With the copious amounts of downtime Covid-19 has so graciously provided us (sarcasm). I’ve been doing a lot of self-discovery work including therapy, “spirit-work”, and counseling. It has been the most transformative six weeks of my life.
I have come to a lot of various realizations and revelations about things that had been dictating my life and my self-image for most of my life. I’d like to share them with you. One of those things, was my unintentional need to sacrifice myself for others.
When I look at the things I regret in my life, most of them are things where I went against my gut, my better judgement, for the needs or comfort of someone else. I know how that sounds but stick with me. These are not just cases of letting someone go ahead of me in traffic. I aim to put others before myself in most situations – that is part of humility, which I value.
But there is a difference between
self-sacrifice: sacrificing your time, goods, or needs for the needs or comfort of others…
sacrificing yourself: losing yourself, sacrificing your values, your dreams, or health for the comfort of needs of others.
In the recent weeks I have been trying to draw a defining line between the two. When was I self-sacrificial?
- Picking up shifts when I could have used sleep
- Doing work for others before I had my own work done
- Donating money that I could have used to pay my bills, buy groceries, etc.
And when did I sacrifice myself?
- Keeping my needs to myself as to not “inconvenience someone”, leading to resentment and hurt on both sides
- Giving up a job I desperately wanted for someone else (who didn’t even get that job).

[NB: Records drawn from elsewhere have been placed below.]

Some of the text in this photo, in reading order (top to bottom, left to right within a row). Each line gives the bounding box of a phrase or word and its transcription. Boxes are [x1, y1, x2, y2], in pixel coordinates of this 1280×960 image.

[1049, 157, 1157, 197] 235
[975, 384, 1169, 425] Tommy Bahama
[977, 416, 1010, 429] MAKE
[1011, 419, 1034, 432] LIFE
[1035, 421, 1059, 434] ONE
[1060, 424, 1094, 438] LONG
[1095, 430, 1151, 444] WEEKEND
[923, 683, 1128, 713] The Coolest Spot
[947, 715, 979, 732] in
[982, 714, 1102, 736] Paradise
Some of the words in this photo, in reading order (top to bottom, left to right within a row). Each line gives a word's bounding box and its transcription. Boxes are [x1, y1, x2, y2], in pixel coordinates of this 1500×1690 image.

- Letting guilt about being selfish hold me back from making moves I should have made.
- Giving into the needs/wants of others, even though they went against my values.

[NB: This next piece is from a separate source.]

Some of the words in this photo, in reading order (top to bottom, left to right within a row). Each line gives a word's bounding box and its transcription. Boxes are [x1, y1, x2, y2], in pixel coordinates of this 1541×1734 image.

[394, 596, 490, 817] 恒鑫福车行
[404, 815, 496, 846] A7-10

The latter are the things that keep me up at night.
This is something that has been bred in me as a woman. We are to be self-less in all things. We are supposed to care for everyone, to put ourselves last, to be a martyr, to be everyone’s everything.
No one ever said “You deserve your own sense of self. You deserve to know who you are and what you want, outside of the roles you play in relation to others.” And no one explicit said “You don’t deserve that” but it’s just implied. You shouldn’t want too much or put yourself first or else you’re a brat, a bitch, selfish, and spoiled.

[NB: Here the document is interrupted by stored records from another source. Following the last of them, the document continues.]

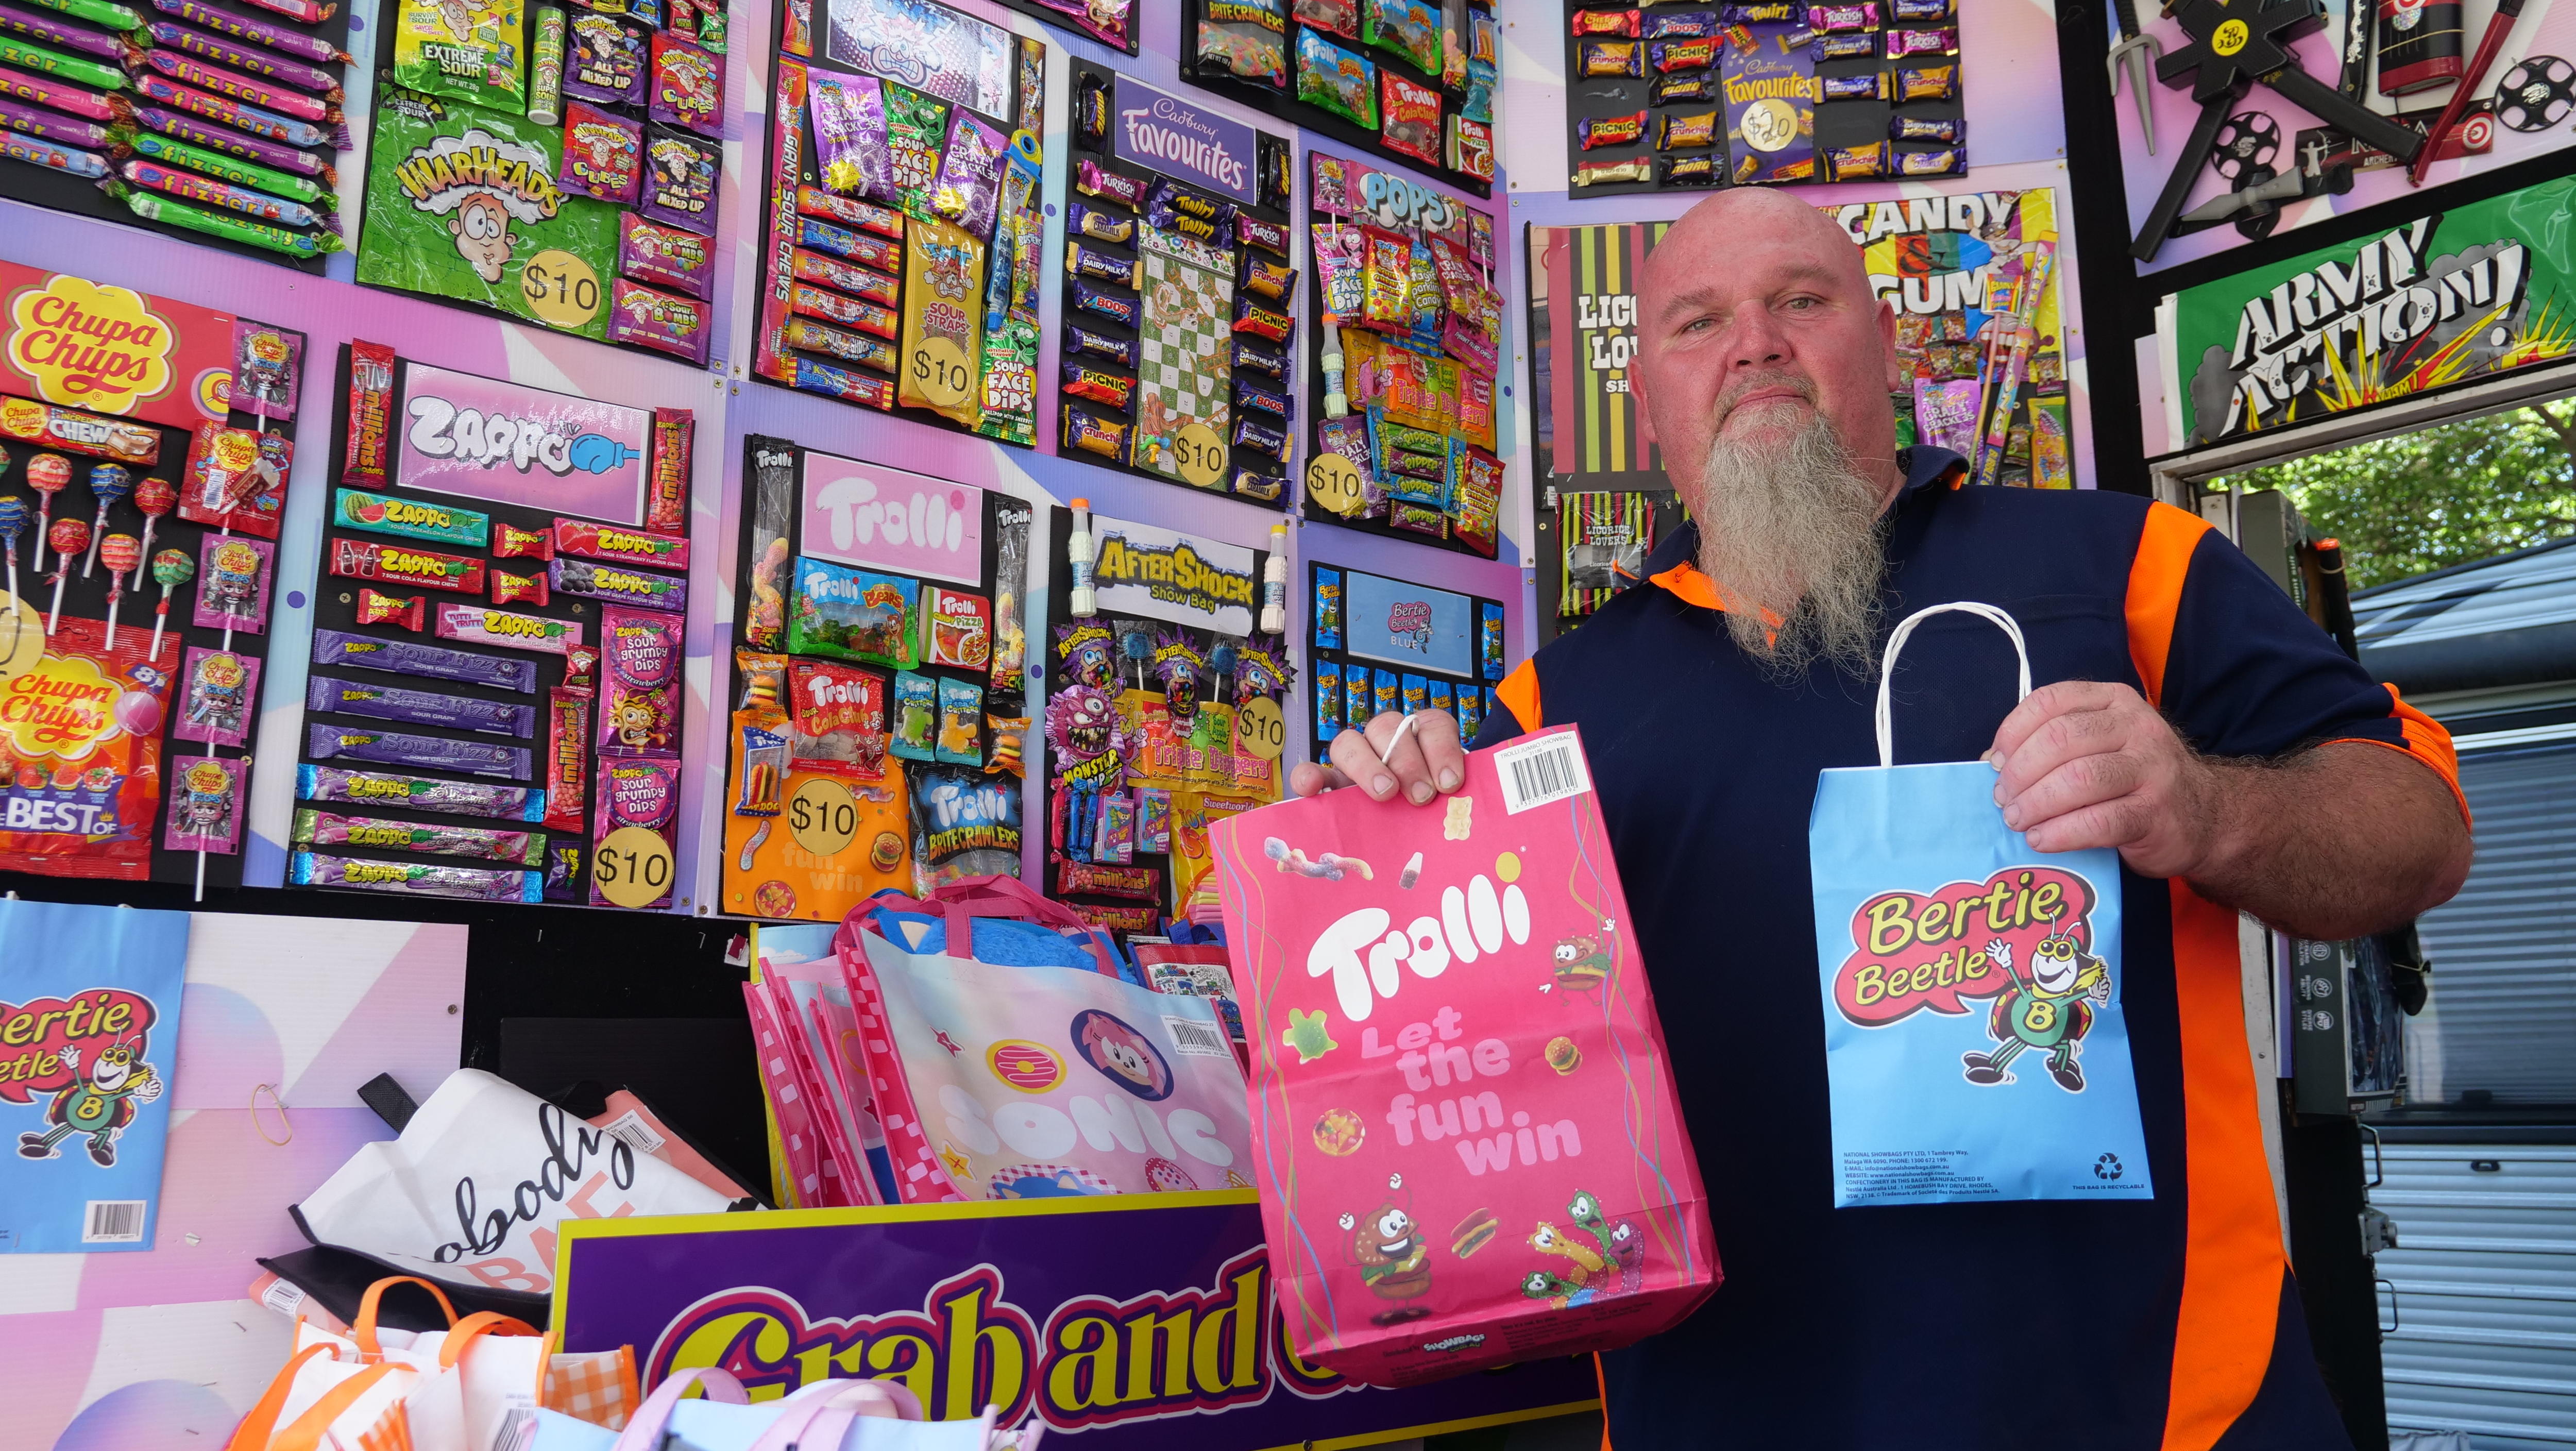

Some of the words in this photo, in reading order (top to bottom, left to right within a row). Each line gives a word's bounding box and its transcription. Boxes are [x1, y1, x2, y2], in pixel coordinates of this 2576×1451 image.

[1233, 5, 1285, 33] CRAWLERS
[181, 32, 274, 75] fizzer
[424, 47, 485, 67] EXTREME
[440, 60, 481, 77] SOUR
[593, 60, 615, 75] ALL
[1667, 45, 1709, 60] PICNIC
[1745, 59, 1793, 76] Cadbury
[177, 63, 270, 105] fizzer
[614, 77, 631, 88] UP
[1723, 75, 1814, 103] Favourites
[1154, 98, 1218, 141] Cadbury
[1592, 121, 1636, 134] PICNIC
[1748, 112, 1790, 140] $20
[165, 118, 260, 159] fizzer
[1122, 108, 1243, 190] Favourites
[163, 145, 258, 186] fizzer
[785, 133, 798, 185] GIANT
[2363, 154, 2397, 166] ARCHER
[395, 146, 565, 211] WARHEADS
[1102, 173, 1136, 194] TURKISH
[778, 188, 795, 238] SOUR
[1176, 196, 1215, 218] Twirl
[1366, 174, 1447, 224] POPS
[1093, 222, 1120, 237] CARAMILK
[1176, 215, 1214, 239] Twirl
[1836, 193, 2019, 245] CANDY
[774, 244, 795, 303] CHEWS
[1083, 259, 1104, 270] DAIRY
[1104, 263, 1121, 274] MILK
[524, 262, 598, 310] $10
[1868, 265, 1988, 315] GUM
[2229, 215, 2431, 370] ARMY
[32, 296, 159, 347] Chupa
[926, 313, 968, 333] STRAPS
[928, 302, 965, 318] SOUR
[1250, 308, 1287, 329] PICNIC
[2219, 244, 2522, 437] ACTION!
[21, 329, 151, 394] Chups
[913, 349, 968, 392] $10
[993, 361, 1025, 373] SOUR
[985, 372, 1031, 392] FACE
[1606, 379, 1630, 393] SH
[49, 417, 113, 443] CHEW
[61, 413, 109, 427] INCREDIBLE
[361, 391, 381, 467] millions
[662, 429, 681, 499] millions
[1176, 435, 1222, 471] $10
[1310, 463, 1360, 497] $10
[385, 501, 452, 526] ZAPPO
[816, 476, 965, 552] Trolli
[1585, 525, 1630, 536] LICORICE
[1589, 535, 1628, 546] LOVERS
[805, 572, 859, 600] Trolli
[1151, 584, 1187, 604] Show
[1191, 594, 1216, 614] Bag
[1391, 619, 1414, 628] Beetle
[1394, 603, 1427, 616] Bertie
[388, 642, 442, 663] Sour
[620, 647, 669, 661] grumpy
[1391, 635, 1418, 650] BLUE
[414, 663, 433, 671] SOUR
[434, 665, 459, 674] GRAPE
[9, 673, 113, 704] Chupa
[808, 675, 870, 706] Trolli
[2, 695, 106, 745] Chups
[1239, 707, 1284, 746] $10
[1151, 738, 1204, 769] Triple
[1208, 747, 1268, 779] Dippers
[1501, 750, 1520, 759] TROLLI
[1521, 743, 1540, 754] JUMBO
[1541, 734, 1571, 746] SHOWBAG
[1062, 750, 1119, 785] MONSTER
[931, 785, 1006, 827] Trolli
[1204, 798, 1255, 811] Sweetworld
[1552, 786, 1576, 797] 019892
[6, 797, 101, 836] BEST
[92, 821, 117, 836] OF
[791, 795, 855, 834] $10
[596, 846, 666, 887] $10
[1093, 873, 1144, 889] millions
[1867, 871, 2066, 956] Bertie
[1307, 850, 1531, 1022] Trolli
[1852, 950, 1991, 1007] Beetle
[0, 993, 133, 1046] ertie
[1361, 1005, 1464, 1059] Let
[0, 1050, 59, 1083] etle
[1395, 1035, 1511, 1092] the
[938, 1083, 1234, 1168] SONIC
[1386, 1090, 1504, 1146] fun
[1455, 1110, 1582, 1176] win
[434, 1102, 635, 1264] obody
[658, 1285, 1026, 1423] Grab
[1047, 1263, 1270, 1414] and
[1423, 1333, 1486, 1353] SHOWBAGS

I have some big dreams. Dreams that I cannot accomplish without making changes. I will have to let go of a lot, knowing it could produce a lot more.
But these changes will also temporarily make life hard for people in my life, they might ruin some friendships or relationships, they might make some people uncomfortable, and I know I will feel guilt for putting myself first.
So here’s what I’ve come up with to help me make decisions that require me to put myself first. I ask myself two questions.
- What pain will be worse, the pain/guilt of causes an inconvenience for someone else or passing up the opportunity?
- What choice will better the lives of the people I love the most and myself?
- If a friend were asking me what to do, what would I tell them to do?
And I won’t tell you coming to an answer makes it easy. It doesn’t. But, it makes it clear. You know what you need to do.
It’s okay to be selfless. I love helping others, too, but I’m done doing it at the expense of my soul. If always putting yourself last makes you feel whole and fulfilled then, babygirl, you do you.
But if putting yourself last makes you feel less then, like you don’t matter, maybe it’s time to treat yourself like you matter just as much as everyone else.
Because you do matter. No matter what society, your upbringing, or inner-critic says- you matter, your needs matter, your dreams matter. Just don’t forget that.